Should an entry contain an image, leave the image out and repeat the entry's text exactly.
++++ GIVEN DATA
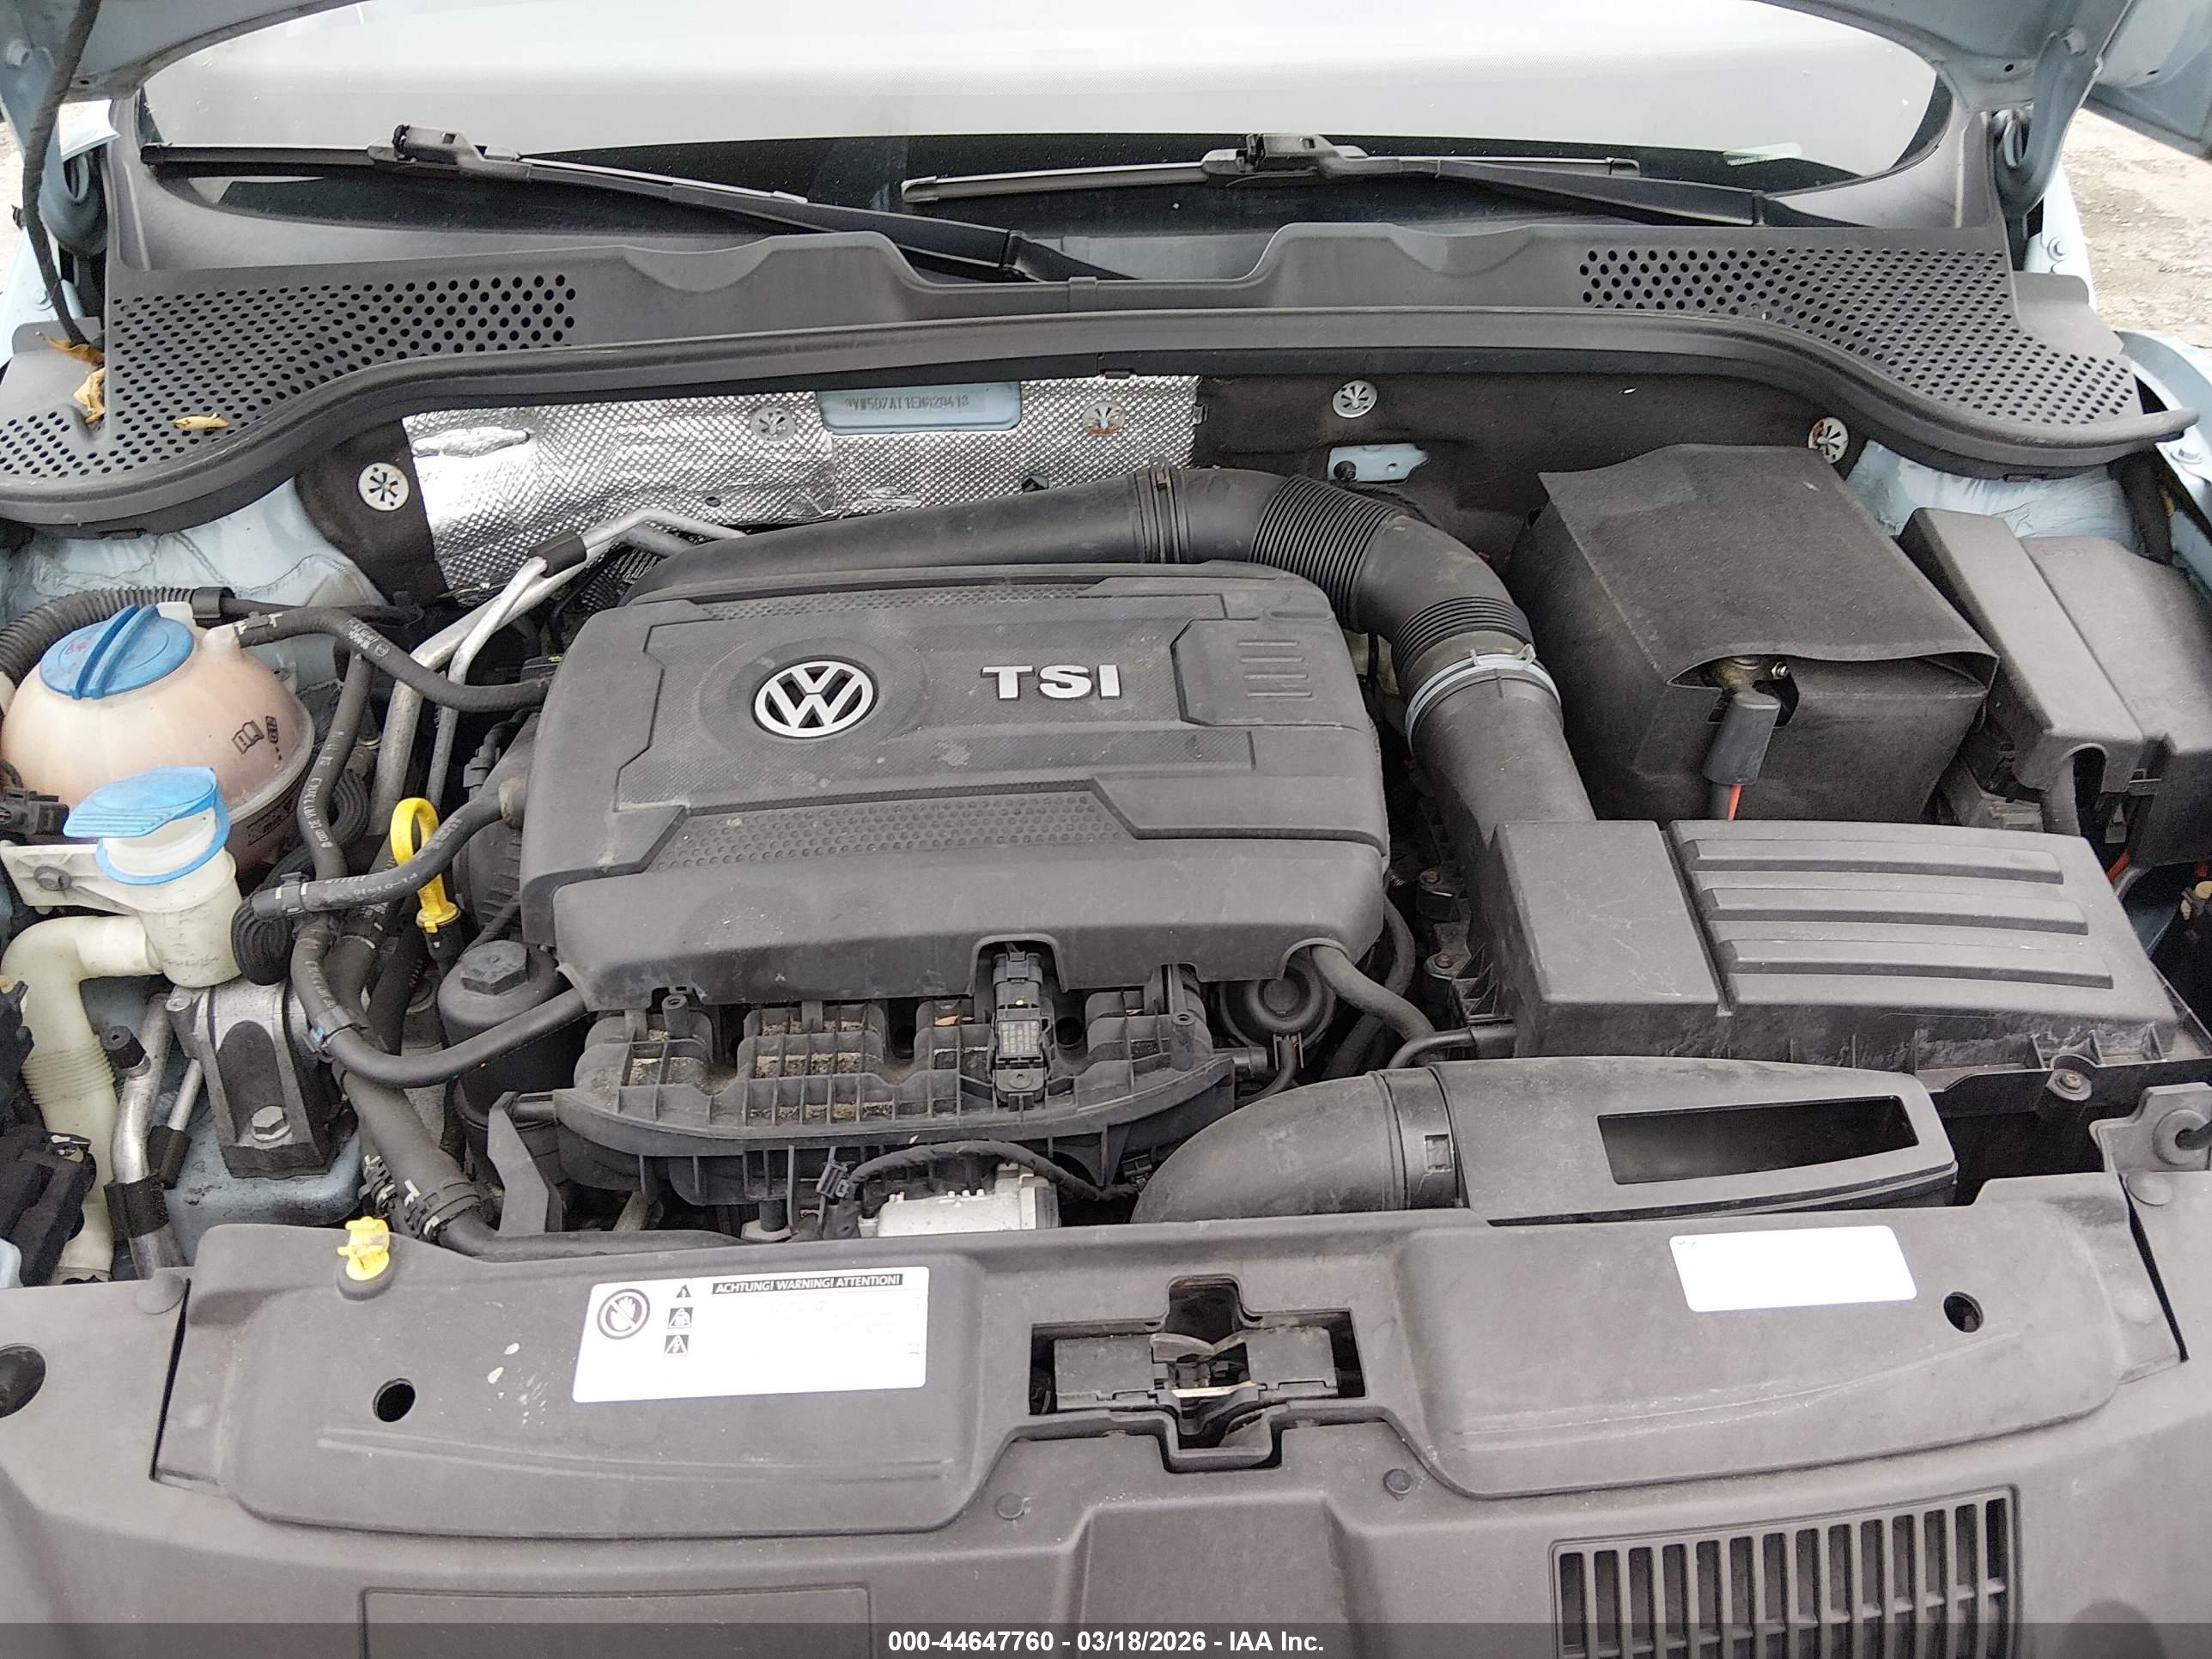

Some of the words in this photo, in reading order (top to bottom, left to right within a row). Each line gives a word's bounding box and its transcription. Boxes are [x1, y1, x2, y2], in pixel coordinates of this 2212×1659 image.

[755, 659, 875, 738] VW
[981, 664, 1121, 701] TSI
[714, 1281, 775, 1294] ACHTUNG!
[775, 1278, 835, 1291] WARNING!
[835, 1274, 902, 1286] ATTENTION!
++++++++
▸ **WRITTEN RESPONSE**:
Some of the words in this photo, in reading order (top to bottom, left to right within a row). Each line gives a word's bounding box and its transcription. Boxes are [x1, y1, x2, y2], in pixel coordinates of this 2212×1659 image.

[755, 659, 875, 738] VW
[981, 664, 1121, 701] TSI
[714, 1281, 775, 1294] ACHTUNG!
[775, 1278, 835, 1291] WARNING!
[835, 1274, 902, 1286] ATTENTION!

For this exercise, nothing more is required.